Sería la mayor de las traiciones al pueblo, tanto por parte de los mendaces generadores, como por parte de quienes secundasen tales proyectos. Que no vengan quienes llevan toda la vida comiendo  de lo público, y culpables, en no poca parte, de la crítica situación actual del pueblo al que han considerado su cortijo, a querer ponerse delante del movimiento. Si se trata de engañar que lo practiquen con sus venerables padres.

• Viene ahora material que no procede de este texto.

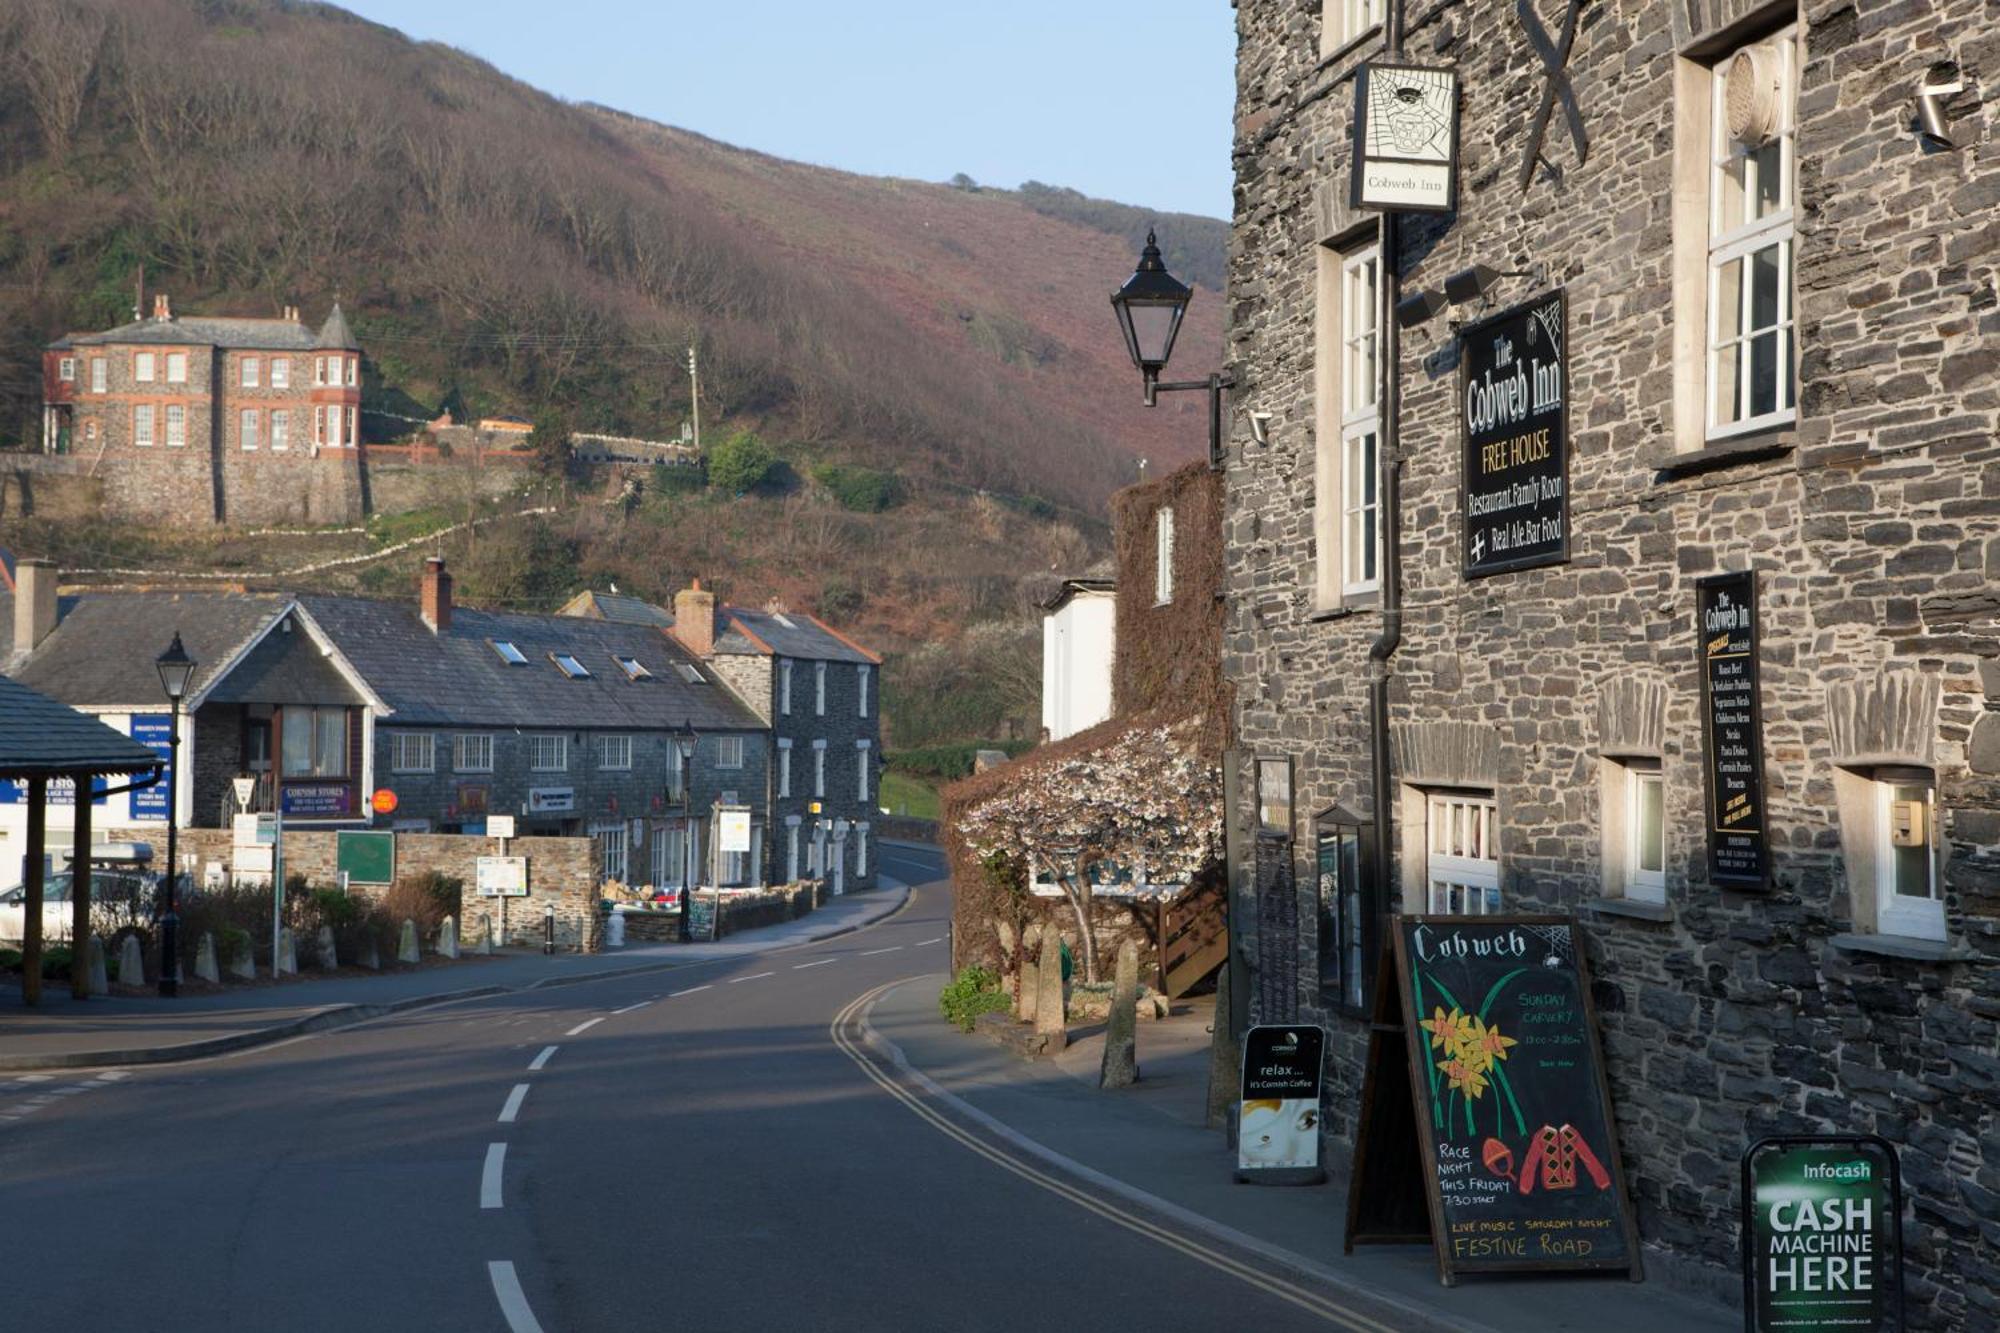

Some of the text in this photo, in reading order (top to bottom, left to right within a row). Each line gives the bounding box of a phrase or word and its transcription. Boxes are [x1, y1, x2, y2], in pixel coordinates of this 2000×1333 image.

[1368, 175, 1442, 191] Cobweb Inn
[1467, 357, 1561, 434] Cobweb Inn
[1482, 429, 1551, 474] FREE HOUSE
[1492, 522, 1509, 551] Real
[1542, 512, 1562, 541] Food
[1718, 591, 1729, 608] The
[1706, 603, 1737, 631] Cobweb
[1413, 924, 1527, 963] Cobweb
[1518, 993, 1566, 1007] SUNDAY
[1261, 1080, 1289, 1088] Cornish
[1289, 1079, 1313, 1088] Coffee
[1440, 1144, 1470, 1159] RACE
[1437, 1162, 1473, 1176] NIGHT
[1803, 1162, 1871, 1179] Infocash
[1440, 1178, 1510, 1193] THIS FRIDAY
[1769, 1198, 1872, 1232] CASH
[1452, 1222, 1475, 1233] LIVE
[1480, 1221, 1516, 1232] MUSIC
[1524, 1220, 1574, 1230] SATURDAY
[1454, 1233, 1593, 1258] FESTIVE ROAD
[1770, 1234, 1872, 1254] MACHINE
[1770, 1256, 1872, 1292] HERE

No faltaba más que quienes han dilapidado el espíritu noble y solidario de la transición; que quienes se han pasado por el forro de sus caprichos la lucha de tantos años por parte de las verdaderas conciencias comprometidas y hoy engañadas y frustradas, tanto de hombres como de mujeres; que quienes oportunidades tuvieron para actuar de otra manera desde hace mucho tiempo quisieran ahora ser nuevamente los salvadores del pueblo (como en otros ominosos momentos de la historia), de este gran pueblo, al que tan inicuos salvadores, con su  prepotencia, inutilidad y espíritu corrupto, han llevado a las mismísimas puertas del hundimiento. Resulta curioso. Es sólo un mero ejemplo que clarifique lo que quiero expresar. Los enfermos recién operados organizan una manifestación ante el hospital en los que se les intervino, por considerar que las intervenciones habían consistido, por dejadez e inoperancia, en fallos tras fallos. Alguien da la orden. Los cirujanos se desprenden de la bata verde. Salen a la calle y se ponen por delante de quienes protestan, portando las mismísimas pancartas. ¡Qué morro! Pero, si tan sólo con haber cumplido con el mero deber la manifestación se podría haber evitado. ¡Cómo duelen tanto asco y repugnancia, ¿no? don Miguel de Unamuno! Es la hora de todos. En el movimiento de generación ética nadie de buena voluntad ha de quedar excluido. No se ha de mirar al pasado, que tan sólo serviría, bien leído sin acritud, para mejorar el presente, que no es poco, sino al futuro. Este país sabe, puede y... bienvenidos quienes se apunten además al “quiere”. No son tiempos de odios ni de descalificaciones, sino de empujar, entre todos, el verdadero carro de la libertad y el progreso. ¿Caerá de una vez el muro de las dos España, dejando tras su caída horizontes de libertad?